The greatest transfer of assets in financial history happens not when markets are soaring, but when they’re plummeting and fear grips even the steadiest hands.
Just look at the historical returns from major market bottoms:
- 1932 (Great Depression): +372% over the next five years
- 1974 (Oil Crisis): +76% over the next three years
- 1987 (Black Monday): +62% over the next three years
- 2002 (Dot-Com Bust): +101% over the next five years
- 2009 (Financial Crisis): +400% over the next decade
Those aren’t typos, folks. That’s the power of buying quality assets when they’re on fire sale.
THE MASTERS OF DISTRESS: THREE CONTRARIAN LEGENDS
Warren Buffett: America’s Bargain Hunter
When the 2008 financial crisis hit, most investors couldn’t sell fast enough. But Warren Buffett? He was buying – and not just nibbling.
In September 2008, right as Lehman Brothers collapsed, Buffett invested $5 billion in Goldman Sachs preferred stock with warrants that eventually netted Buffett's company Berkshire about $3 billion in profit. He followed this with a $3 billion investment in General Electric on similar terms.
But Buffett wasn’t done. In the fall of 2008, he wrote his now-famous “Buy American. I Am” op-ed, telling the world he was personally buying U.S. stocks for his non-Berkshire portfolio. One specific example? Wells Fargo. Buffett increased Berkshire’s stake dramatically during the crisis, buying shares at prices as low as $8-20 (split-adjusted), compared to pre-crisis prices around $30-35.
Richard Rainwater: The Ultimate Catastrophe Capitalist
The late Richard Rainwater made billions by investing in distressed assets when nobody wanted them.
During the Texas real estate collapse of the early 1990s, Rainwater and partner John Goff formed Crescent Real Estate and scooped up prime properties at 20 cents on the dollar. They later took the company public and sold it to Morgan Stanley in 2007 for $6.5 billion – impeccable timing before the next crash!
After the dot-com bubble burst, Rainwater made another contrarian bet. While tech stocks were still smoldering in 2001-2002, he began accumulating shares in beaten-down energy companies like Ensco International. He recognized the coming commodity super-cycle long before it became obvious to the market.

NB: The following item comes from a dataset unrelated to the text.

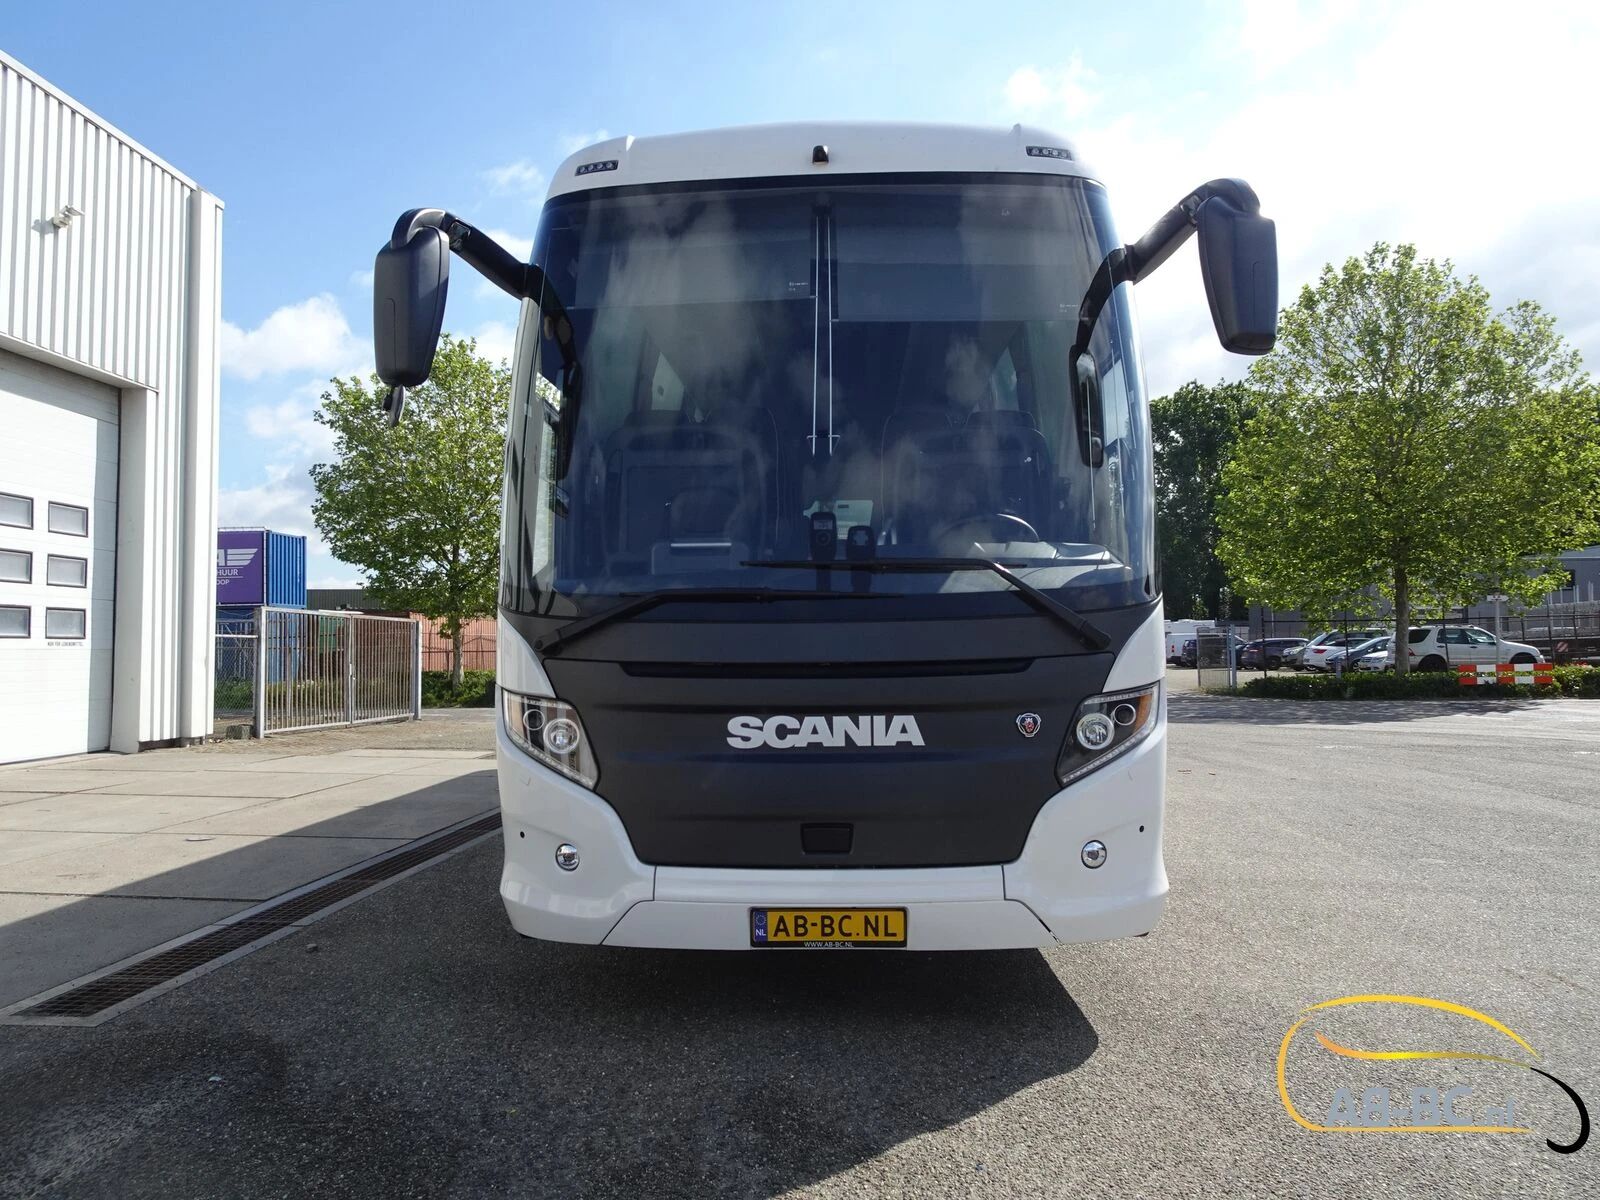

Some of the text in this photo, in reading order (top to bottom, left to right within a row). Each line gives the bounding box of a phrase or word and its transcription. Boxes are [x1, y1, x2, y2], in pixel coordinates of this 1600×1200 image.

[727, 715, 926, 749] SCANIA
[755, 929, 767, 937] NL
[773, 915, 898, 938] AB-BC.NL

Andrew Beal: The Banking Billionaire with Infinite Patience
Andrew Beal’s approach to bear markets might be the most instructive for individual investors.
During the mid-2000s housing boom, while other banks were partying like there was no tomorrow, Beal Bank was doing something radical: nothing. Beal actually reduced his loan portfolio by 42% from 2004 to 2007, stockpiling cash and waiting.

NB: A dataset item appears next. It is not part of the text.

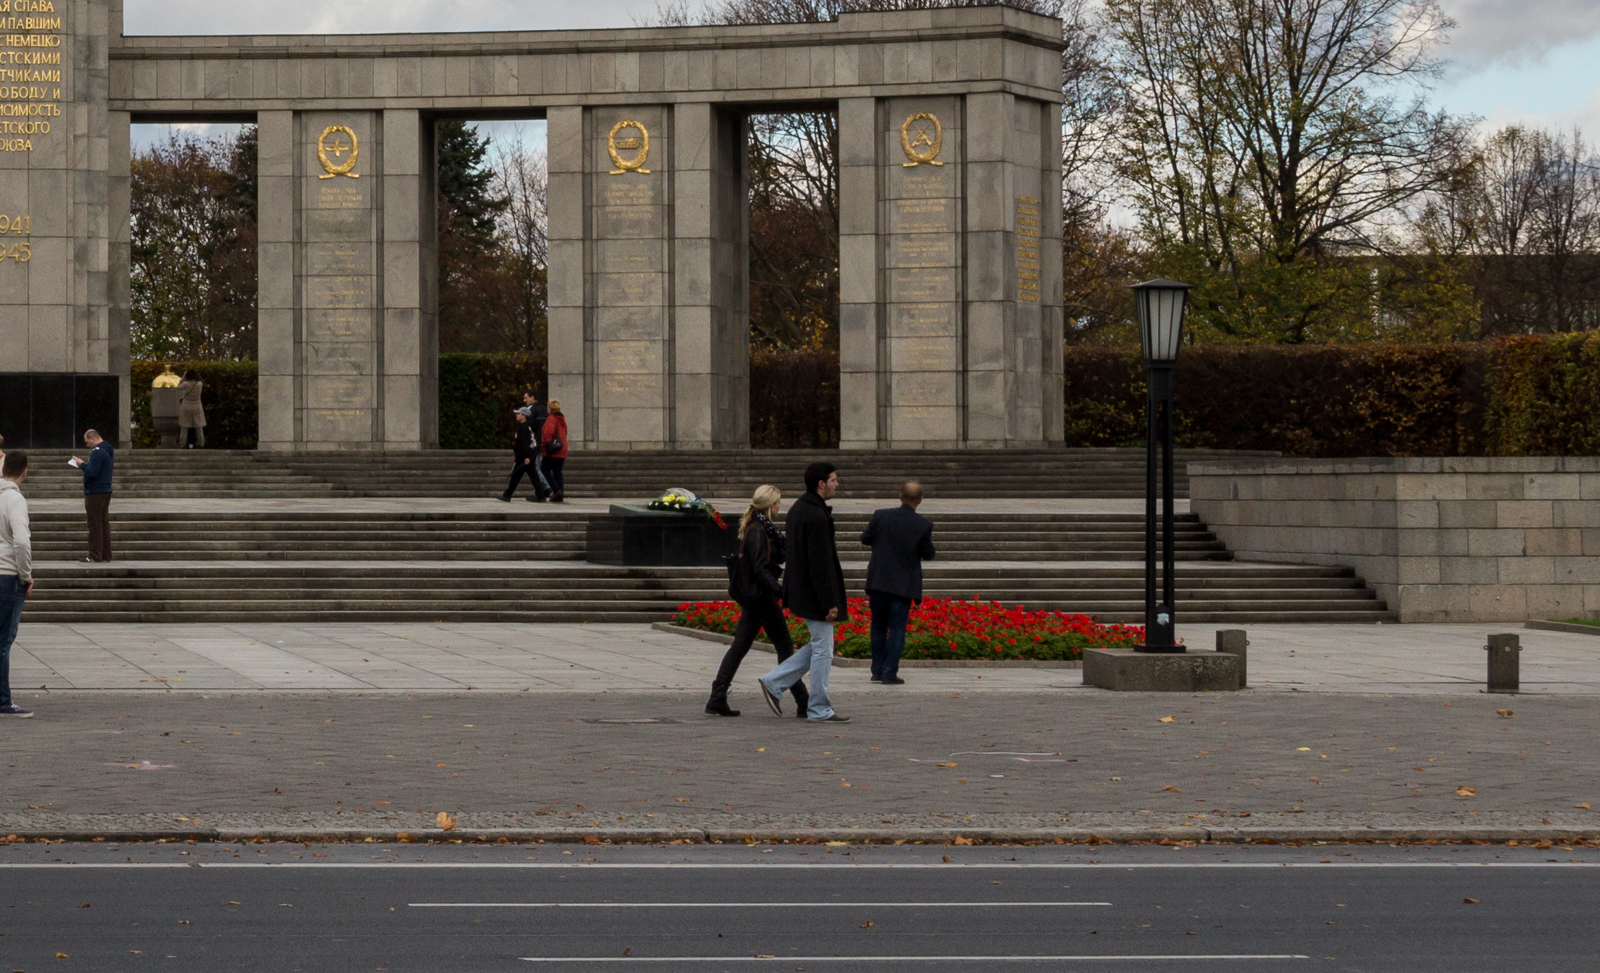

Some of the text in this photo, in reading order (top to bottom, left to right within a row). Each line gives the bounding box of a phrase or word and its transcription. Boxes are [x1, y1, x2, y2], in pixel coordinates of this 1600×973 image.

[14, 0, 54, 12] СЛАВА
[8, 17, 60, 29] ПАВШИМ
[6, 35, 60, 47] НЕМЕЦКО

When the 2008 crisis hit and banks were desperate to unload assets, Beal emerged with his war chest. In early 2009, he purchased $3.5 billion in loan portfolios from the FDIC for around 40% of face value. His bank’s assets reportedly doubled in a matter of months.
SPECIFIC STOCK EXAMPLES FROM PAST BEARS
Internet Bubble Bargains (2000-2002)
When the tech bubble burst, even solid companies with real earnings were thrown out with the bathwater. Here are some examples of stocks that savvy contrarians scooped up:
- Apple AAPL: Believe it or not, Apple traded as low as $7 (split-adjusted) in 2003 after the dot-com collapse. Investors who bought then and held would have seen their investment grow by over 35,000% by today.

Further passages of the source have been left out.